(Exercise directions): The reply should be an exact transcription of every record.

(Given entries):
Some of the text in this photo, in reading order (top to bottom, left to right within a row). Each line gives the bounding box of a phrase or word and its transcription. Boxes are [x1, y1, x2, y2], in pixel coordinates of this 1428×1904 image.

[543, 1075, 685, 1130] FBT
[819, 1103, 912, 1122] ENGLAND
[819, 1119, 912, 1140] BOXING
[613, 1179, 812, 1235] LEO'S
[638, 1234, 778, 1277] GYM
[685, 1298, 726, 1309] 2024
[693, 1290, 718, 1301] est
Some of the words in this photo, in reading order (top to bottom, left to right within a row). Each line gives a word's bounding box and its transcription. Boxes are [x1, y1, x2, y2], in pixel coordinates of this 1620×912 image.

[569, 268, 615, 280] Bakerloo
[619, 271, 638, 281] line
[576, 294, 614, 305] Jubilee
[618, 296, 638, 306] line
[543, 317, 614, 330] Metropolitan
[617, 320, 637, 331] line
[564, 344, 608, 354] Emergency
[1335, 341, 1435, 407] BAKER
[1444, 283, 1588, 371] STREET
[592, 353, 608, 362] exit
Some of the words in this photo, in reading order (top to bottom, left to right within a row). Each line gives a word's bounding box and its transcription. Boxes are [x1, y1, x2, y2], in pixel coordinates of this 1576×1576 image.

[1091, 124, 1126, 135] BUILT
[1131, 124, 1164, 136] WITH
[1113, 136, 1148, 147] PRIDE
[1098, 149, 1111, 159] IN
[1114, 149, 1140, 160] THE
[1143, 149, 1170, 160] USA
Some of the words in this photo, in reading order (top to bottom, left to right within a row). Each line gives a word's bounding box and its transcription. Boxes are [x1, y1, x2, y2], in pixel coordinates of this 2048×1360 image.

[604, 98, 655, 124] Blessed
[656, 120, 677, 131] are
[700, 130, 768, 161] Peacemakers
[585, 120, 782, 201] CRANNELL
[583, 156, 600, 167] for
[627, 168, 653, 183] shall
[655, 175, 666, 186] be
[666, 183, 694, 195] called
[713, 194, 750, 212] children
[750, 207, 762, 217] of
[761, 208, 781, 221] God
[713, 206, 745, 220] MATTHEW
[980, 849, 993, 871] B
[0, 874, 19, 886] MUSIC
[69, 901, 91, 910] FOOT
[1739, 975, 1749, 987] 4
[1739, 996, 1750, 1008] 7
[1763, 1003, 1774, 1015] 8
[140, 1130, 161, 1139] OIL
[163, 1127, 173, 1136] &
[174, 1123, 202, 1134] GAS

(Output):
Some of the text in this photo, in reading order (top to bottom, left to right within a row). Each line gives the bounding box of a phrase or word and its transcription. Boxes are [x1, y1, x2, y2], in pixel coordinates of this 1428×1904 image.

[543, 1075, 685, 1130] FBT
[819, 1103, 912, 1122] ENGLAND
[819, 1119, 912, 1140] BOXING
[613, 1179, 812, 1235] LEO'S
[638, 1234, 778, 1277] GYM
[685, 1298, 726, 1309] 2024
[693, 1290, 718, 1301] est
Some of the words in this photo, in reading order (top to bottom, left to right within a row). Each line gives a word's bounding box and its transcription. Boxes are [x1, y1, x2, y2], in pixel coordinates of this 1620×912 image.

[569, 268, 615, 280] Bakerloo
[619, 271, 638, 281] line
[576, 294, 614, 305] Jubilee
[618, 296, 638, 306] line
[543, 317, 614, 330] Metropolitan
[617, 320, 637, 331] line
[564, 344, 608, 354] Emergency
[1335, 341, 1435, 407] BAKER
[1444, 283, 1588, 371] STREET
[592, 353, 608, 362] exit
Some of the words in this photo, in reading order (top to bottom, left to right within a row). Each line gives a word's bounding box and its transcription. Boxes are [x1, y1, x2, y2], in pixel coordinates of this 1576×1576 image.

[1091, 124, 1126, 135] BUILT
[1131, 124, 1164, 136] WITH
[1113, 136, 1148, 147] PRIDE
[1098, 149, 1111, 159] IN
[1114, 149, 1140, 160] THE
[1143, 149, 1170, 160] USA
Some of the words in this photo, in reading order (top to bottom, left to right within a row). Each line gives a word's bounding box and its transcription. Boxes are [x1, y1, x2, y2], in pixel coordinates of this 2048×1360 image.

[604, 98, 655, 124] Blessed
[656, 120, 677, 131] are
[700, 130, 768, 161] Peacemakers
[585, 120, 782, 201] CRANNELL
[583, 156, 600, 167] for
[627, 168, 653, 183] shall
[655, 175, 666, 186] be
[666, 183, 694, 195] called
[713, 194, 750, 212] children
[750, 207, 762, 217] of
[761, 208, 781, 221] God
[713, 206, 745, 220] MATTHEW
[980, 849, 993, 871] B
[0, 874, 19, 886] MUSIC
[69, 901, 91, 910] FOOT
[1739, 975, 1749, 987] 4
[1739, 996, 1750, 1008] 7
[1763, 1003, 1774, 1015] 8
[140, 1130, 161, 1139] OIL
[163, 1127, 173, 1136] &
[174, 1123, 202, 1134] GAS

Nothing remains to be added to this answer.